Ecoenzymatic stoichiometry reveals stronger microbial carbon and nitrogen limitation in biochar amendment soils: A meta-analysis

Soil extracellular enzyme activities of microbes to acquire carbon (C), nitrogen (N) and phosphorus (P) exert great roles on soil C sequestration and N, P availability. However, a lack of biochar-induced changes of C, N and P acquisition enzyme activities hinders us from understanding if biochar application will lead to microbial C, N and P limitation based on ecoenzymatic stoichiometry. In this study, through ecoenzymatic stoichiometry, a meta-analysis was conducted to evaluate responses of microbial metabolic limitation to biochar amendment by collecting data of ecoenzymatic activities (EEAs) of the C, N and P acquisition from peer-reviewed papers. The results showed that biochar application increased activities of C, N acquisition enzymes significantly by 9.3 % and 15.1 % on average, respectively. But the influence on P acquisition enzymes activities (Acid, neutral or alkaline phosphatase, abbreviated wholly as PHOS) was not significant.

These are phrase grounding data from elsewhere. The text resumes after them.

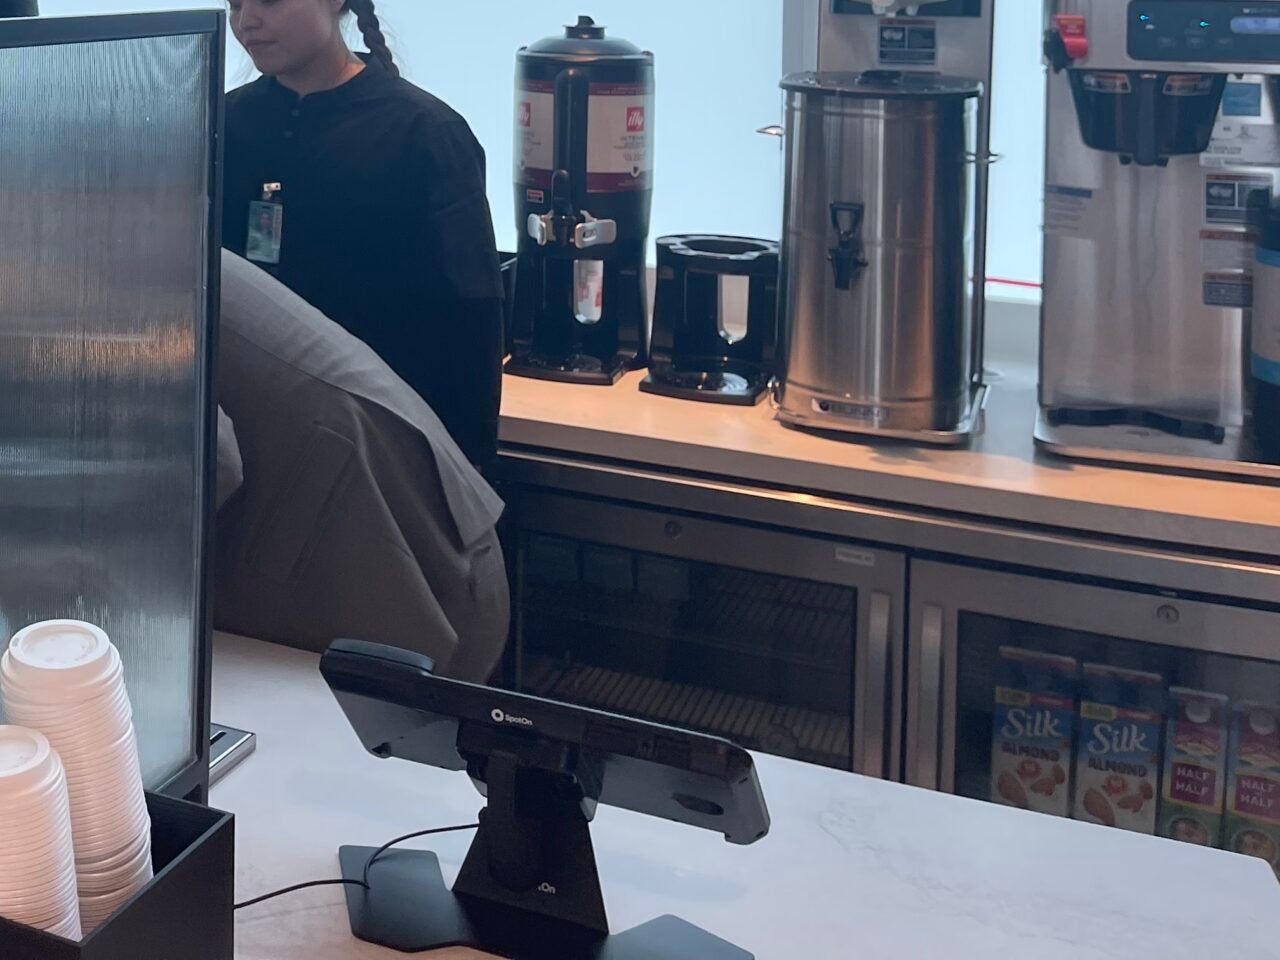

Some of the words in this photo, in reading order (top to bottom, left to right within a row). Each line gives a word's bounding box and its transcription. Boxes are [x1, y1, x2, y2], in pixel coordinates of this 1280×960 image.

[627, 110, 644, 129] illy
[1001, 709, 1062, 738] Silk
[1088, 723, 1151, 754] Silk
[1001, 741, 1060, 762] ALMOND
[1088, 757, 1148, 778] ALMOND
[1176, 766, 1211, 782] HALF
[1175, 782, 1209, 797] HALF
[1241, 779, 1277, 794] HALF
[1240, 794, 1275, 810] HALF

Biochar increased ratio of C acquisition enzymes activities (EC) over P enzymes activities (EP) and ratio of N enzymes activities (EN) over EP, but decreased EC:EN, indicating an increased N limitation or a shift from P limitation to N limitation in microbial metabolism. Enzyme vector analysis showed that soil microbial metabolism was limited by C relative to nutrients (N and P) under biochar amendment according to the overall increased vector length (~1.5 %). Wood biochar caused the strongest microbial C limitation, followed by crop residue biochar as indicated by increased enzyme vector length of 3.6 % and 1.2 % on average, respectively. The stronger microbial C limitation was also found when initial soil total organic carbon (SOC) was < 20 g.kg(-1). Our results illustrated that available nitrogen and organic carbon should be provided to meet microbial stoichiometric requirements to improve plant productivity, especially in low fertile soils under biochar amendment.

Automated summary

This study conducted a meta-analysis using ecoenzymatic stoichiometry to evaluate the influence of biochar amendment on microbial metabolic limitation. The results showed that biochar significantly increased the activities of carbon and nitrogen acquisition enzymes, but had no significant impact on phosphorus acquisition enzymes. Biochar also led to an increased nitrogen limitation or a shift from phosphorus limitation to nitrogen limitation in microbial metabolism. Wood biochar caused the strongest microbial carbon limitation, particularly in soils with low initial soil organic carbon content.